A recent study conducted at Osaka University in Japan revealed that drinking soda can affect your kidney function adversely and cause significant problems.
After studying about 8000 subjects ( who had no kidney symptoms at the beginning of the study) for 3 years, researchers determined that as little as two cans of soda each day can lead to a higher risk for developing end-stage kidney disease.
Greater than ten percent of the subjects showed the symptom of proteinuria, which is having a dangerously high level of protein in the urine and is a known to increase the likelihood of developing end stage kidney disease.
Until now, the research related to the effects of high fructose corn syrup on the kidneys was limited to animals. This study showed how the fructose affects the kidney function of humans, too.
Researcher Ryohei Yamamoto, Ph.D, states about kidney damage related to this type of sugar, “Oxidative stress and inflammation induced by fructose, which is more active sugar than glucose, may play an important role.”
Researchers determined that it doesn’t take much fructose, when consumed on a regular basis, to make the kidneys more susceptible to damage from proteins that typically are present to regulate sodium levels.
This increased sensitivity can not only potentially cause high blood pressure, or hypertension, but can ultimately lead to dramatic kidney problems, up to and including kidney failure.

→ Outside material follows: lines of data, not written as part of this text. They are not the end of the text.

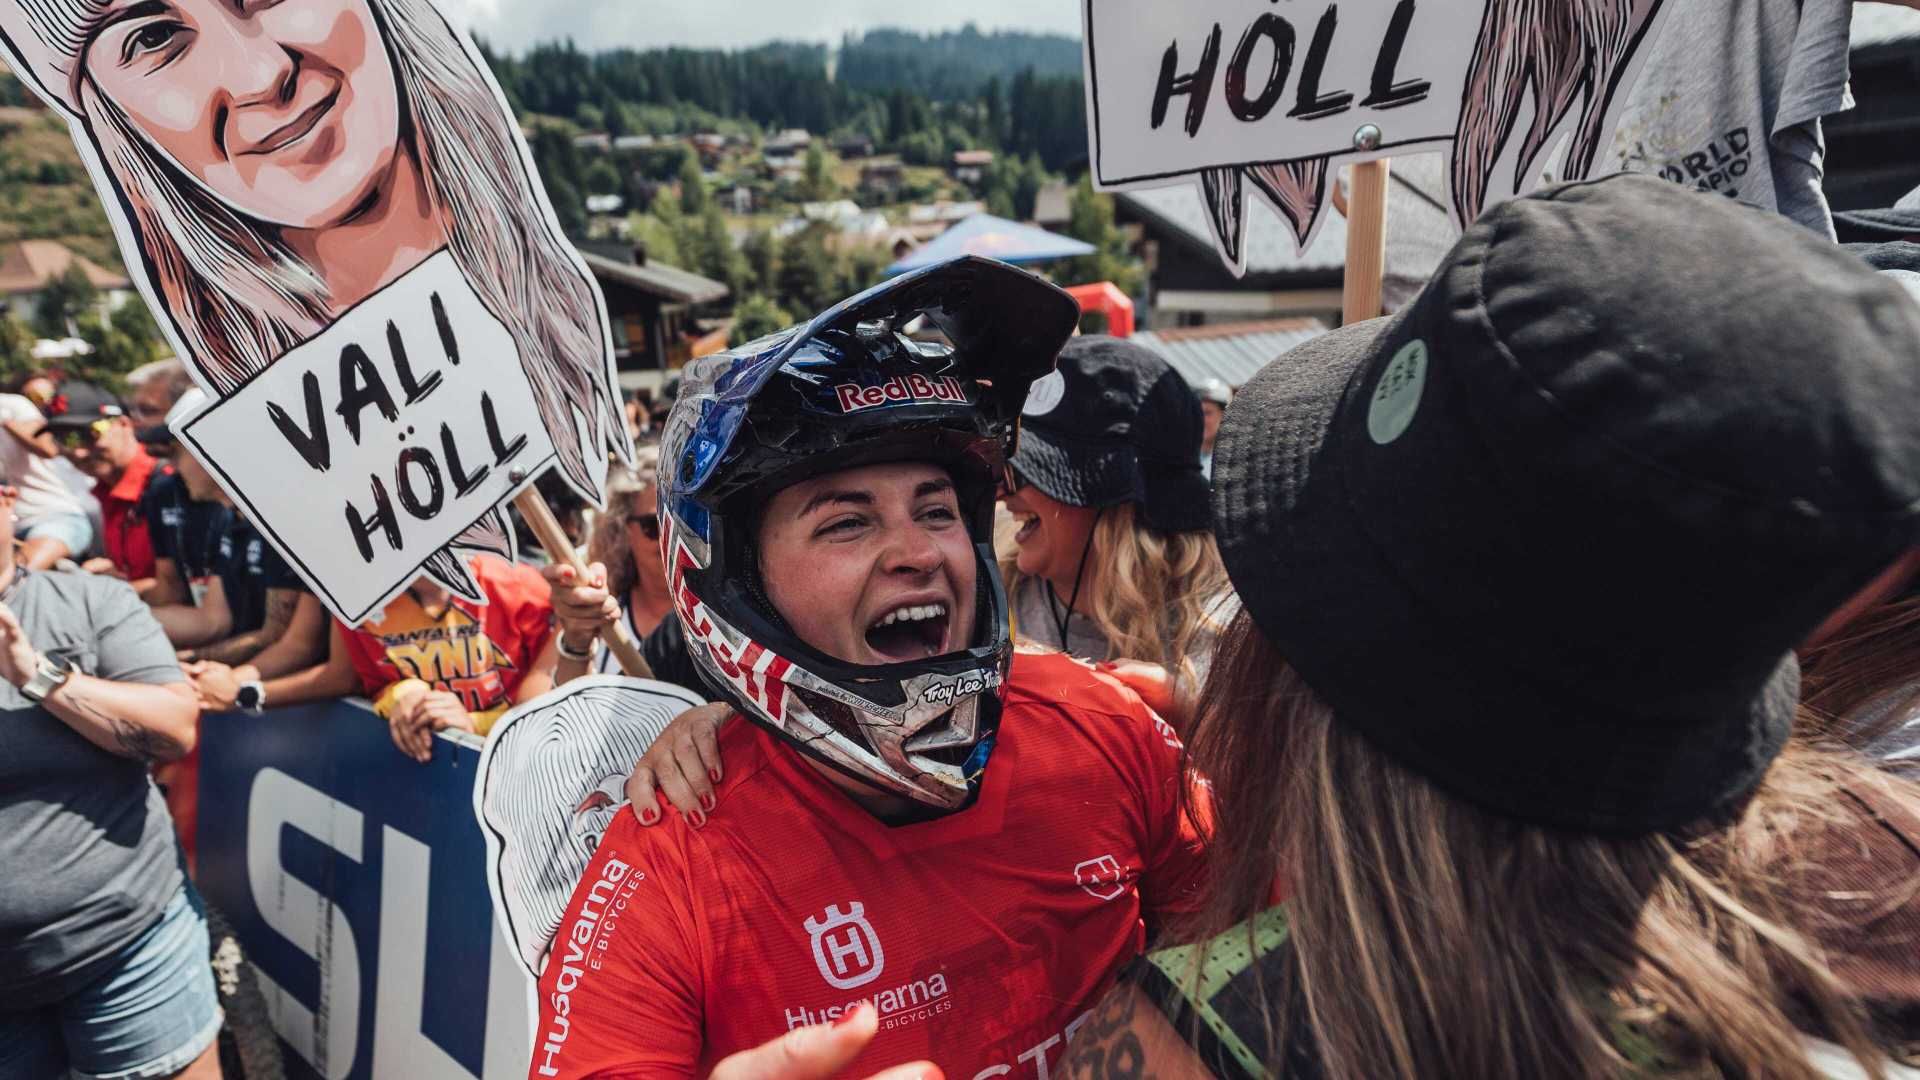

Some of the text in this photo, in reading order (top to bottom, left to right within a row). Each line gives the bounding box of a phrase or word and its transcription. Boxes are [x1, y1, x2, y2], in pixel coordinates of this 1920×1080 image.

[1658, 126, 1750, 184] ORLD
[266, 290, 461, 473] VALI
[834, 373, 968, 414] Red Bull
[345, 390, 528, 564] HÖLL
[923, 681, 955, 706] Troy
[954, 677, 984, 697] Lee
[590, 870, 645, 971] E-BICYCLES
[875, 1000, 952, 1032] -BICYCLES

Some assume that consuming diet soda instead of the sugary versions may prevent this problem, but diet soda consumption has been linked to the same kidney problems, as well as heart disease and even higher death rates.
This news comes as a shock and a disappointment to those who enjoy drinking soda on a regular basis, but researchers are urging people to consider healthier choices for their beverages to prevent long term problems.
Prevention is at a critical point on a global level!!